I have to wonder if you actually understand of what you're doing or its implications! When you change the Word format (which you're wrongly calling the Word version), you get a completely new file with the current date & time. Changing the Office version isn't simply a matter of changing the file's extension from, say, doc to docx; it means creating an entirely new file. Even if you add code to restore the file system's original date & time (which your "It also looks a lot better in the new system to have all docs in the same year rather than every year under the sun" suggests is not happening) the new document's metadata for the createdate & savedate will both contain the current date & time, and its printdate metadata will be wiped out, instead of retaining any of these values from the original file. And, as I said, the change in file format will also reformat the documents internally. Doing any of this to legal correspondence and contracts could come back to bite you.

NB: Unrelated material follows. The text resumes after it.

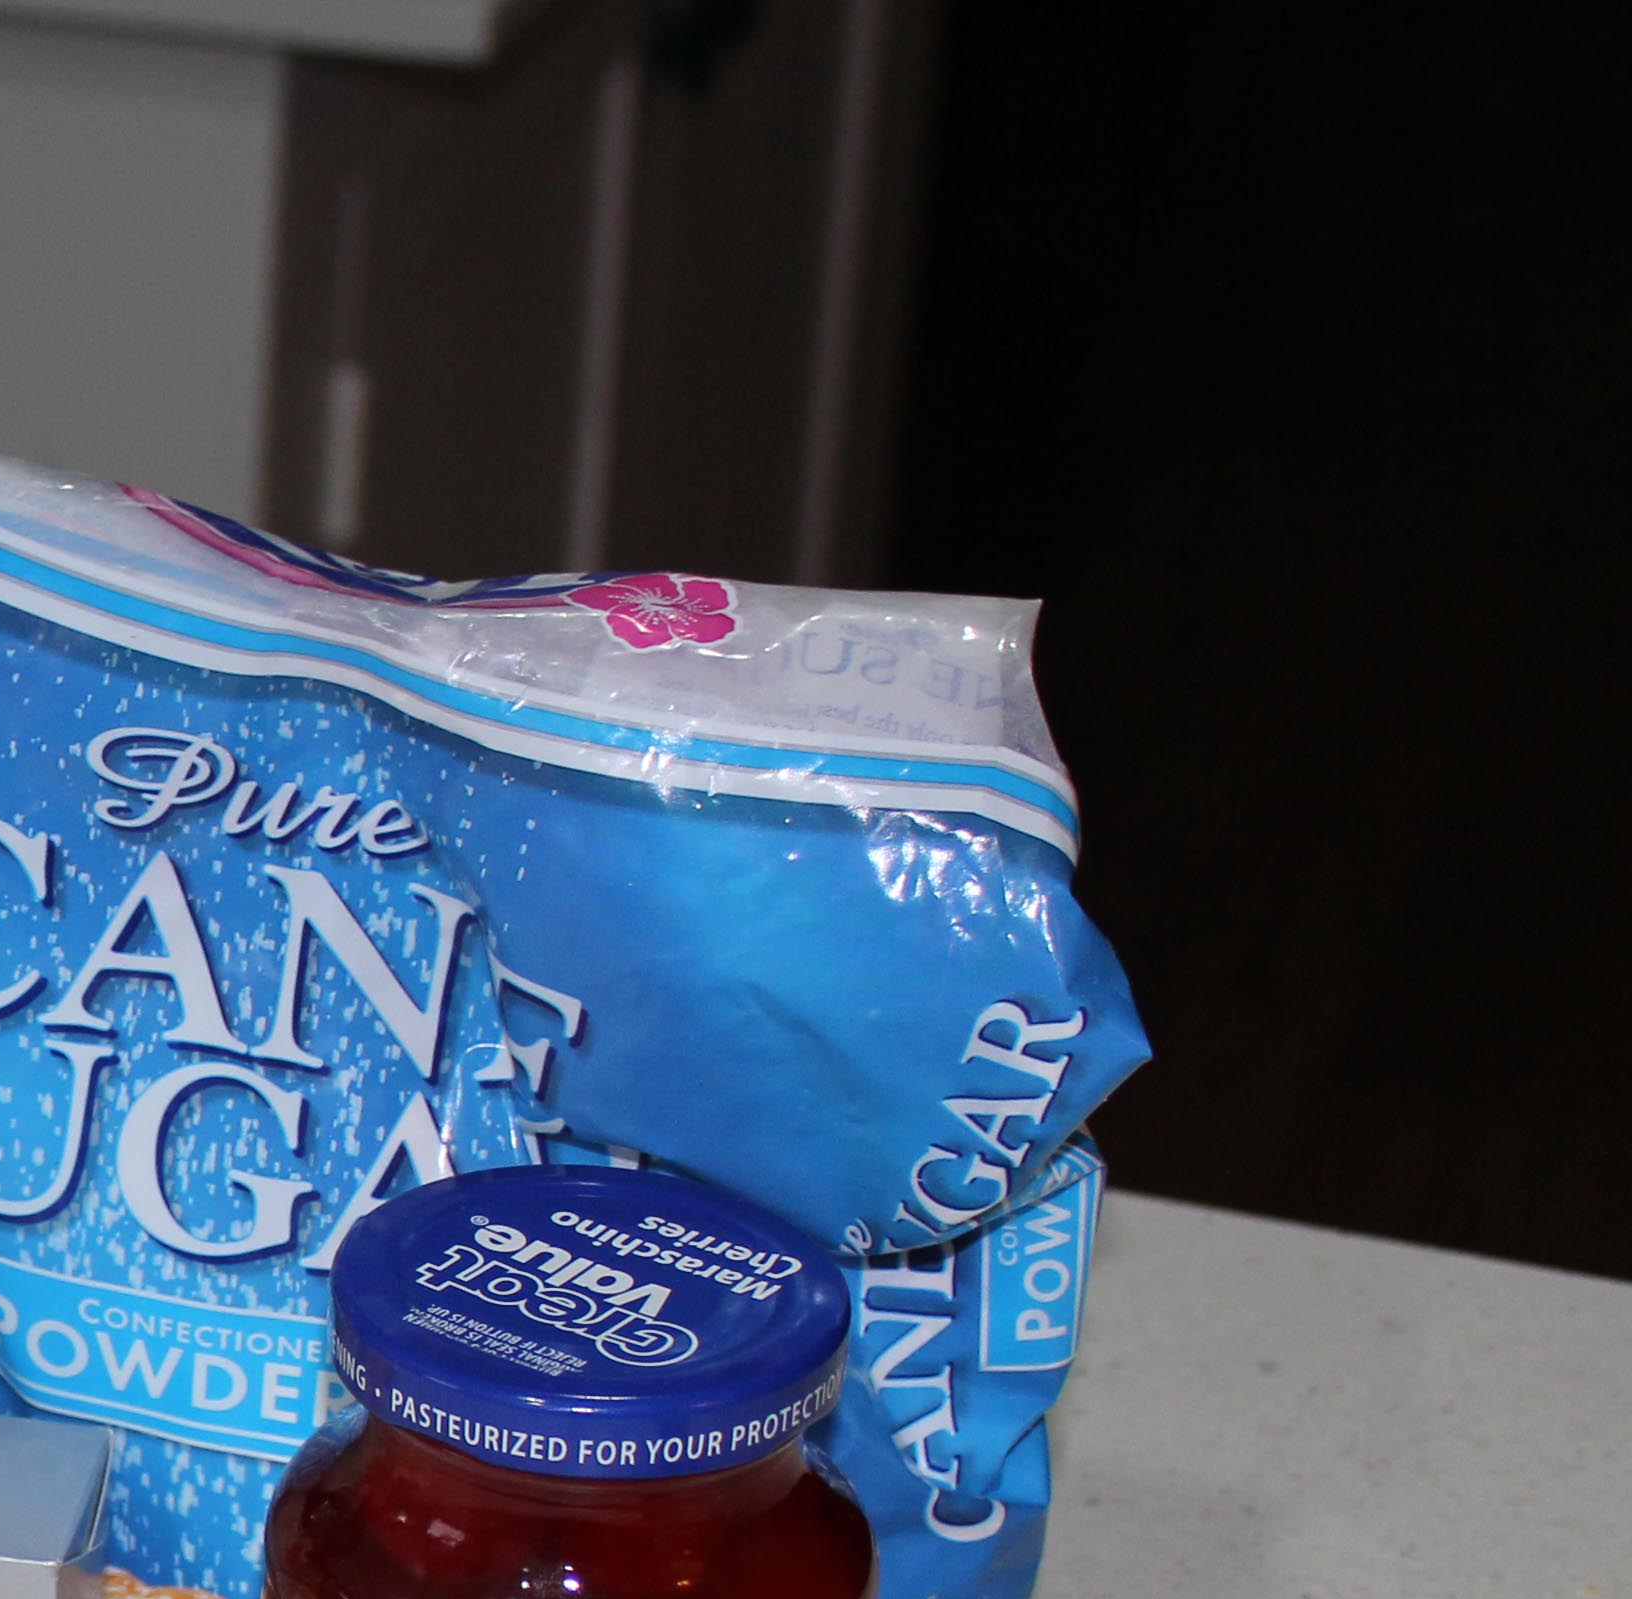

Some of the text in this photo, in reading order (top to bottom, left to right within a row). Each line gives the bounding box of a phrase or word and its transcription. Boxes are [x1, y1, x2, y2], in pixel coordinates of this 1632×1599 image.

TRIM doesn't require this. Having all the TRIM records show, say, 20 May 2018 is pretty useless if you want to access a file by the year the file was created or last updated, for example. And, with the documents yet to be placed in TRIM, and now existing in a different format plus the old version being deleted per post 1, how do you suppose TRIM will construct an audit trail to the previous version?

Should MS ever decide to deprecate support for the office 97-2003 file formats, you can expect those formats to be supported for some years after that announcement - and even that won't affect TRIM's ability to handle such files.